L'anticiclone, infatti, non riuscirà a posizionarsi in modo deciso sul Mediterraneo, ma resterà più defilato verso ovest, tra Atlantico e penisola Iberica. Questa configurazione lascia scoperto il suo fianco orientale, esponendolo a correnti più fresche in discesa da nord, in grado di alimentare fasi di instabilità soprattutto tra Europa centro-orientale e Balcani.

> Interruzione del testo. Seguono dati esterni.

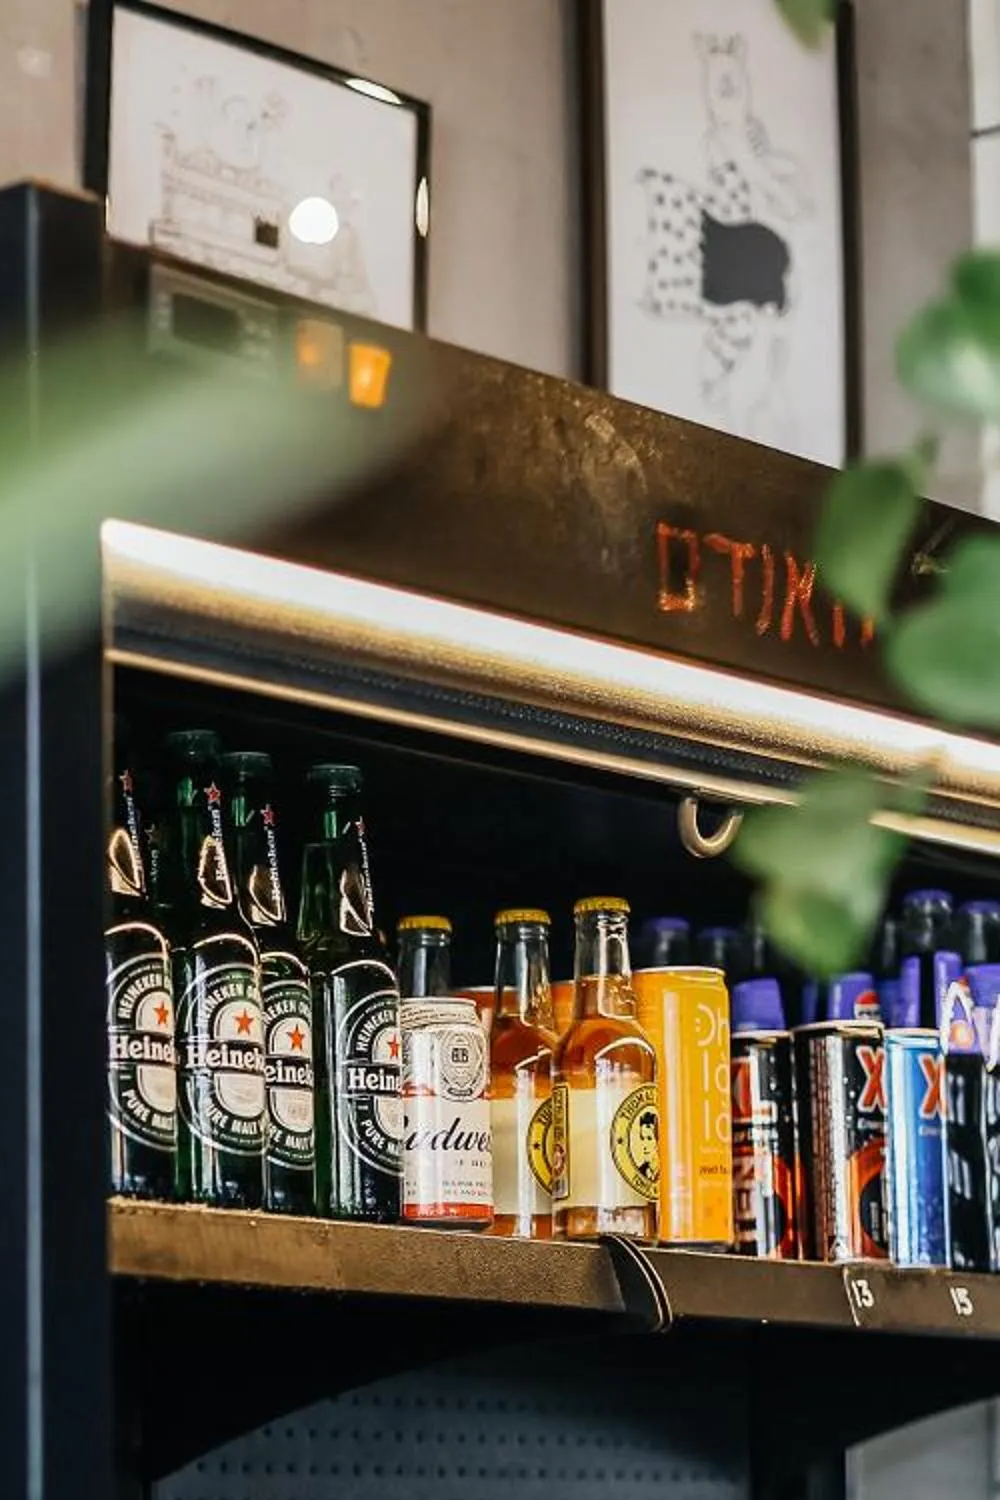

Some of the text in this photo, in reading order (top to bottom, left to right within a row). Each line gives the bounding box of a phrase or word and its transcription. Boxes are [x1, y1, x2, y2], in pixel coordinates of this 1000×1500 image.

[265, 1059, 313, 1086] einek
[403, 1115, 491, 1153] udwe
[851, 1279, 875, 1308] 13
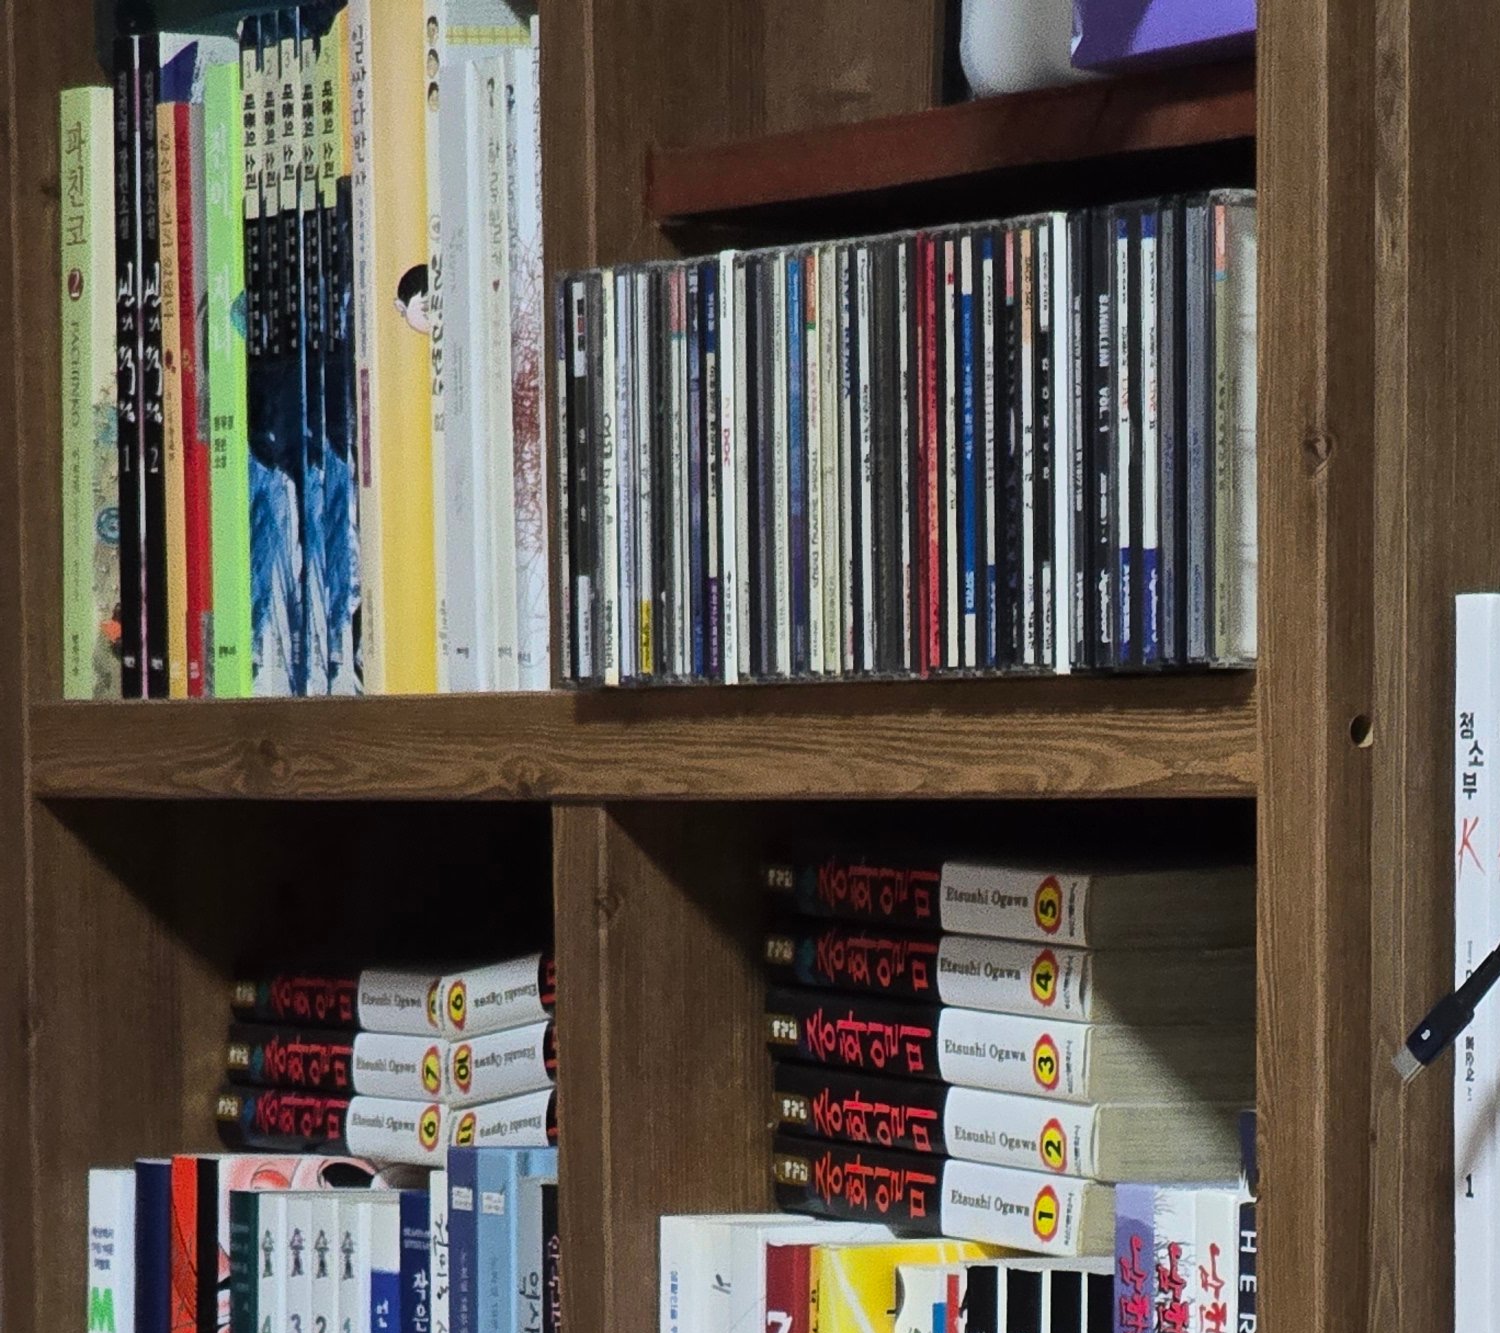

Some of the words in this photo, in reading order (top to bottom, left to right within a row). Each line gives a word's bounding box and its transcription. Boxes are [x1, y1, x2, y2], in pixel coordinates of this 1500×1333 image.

[64, 121, 87, 247] 파친코
[1459, 712, 1484, 800] 청소부
[1458, 816, 1486, 881] K
[945, 886, 989, 903] Etsushi
[991, 890, 1029, 909] Ogawa
[1039, 900, 1057, 919] 5
[988, 1043, 1027, 1062] Ogawa
[411, 1269, 429, 1331] 작은

In questo contesto l'Italia si colloca al confine tra l'influenza stabilizzante dell'alta pressione e quella più dinamica della circolazione fresca. Ne deriva un tempo nel complesso discreto, ma non del tutto stabile, con possibili infiltrazioni instabili responsabili di precipitazioni più probabili sui settori orientali e nelle aree interne.
Le temperature, dopo il temporaneo rialzo associato alla fase anticiclonica, tenderanno a subire un nuovo lieve calo proprio per l'ingresso di aria più fresca lungo il bordo orientale della struttura.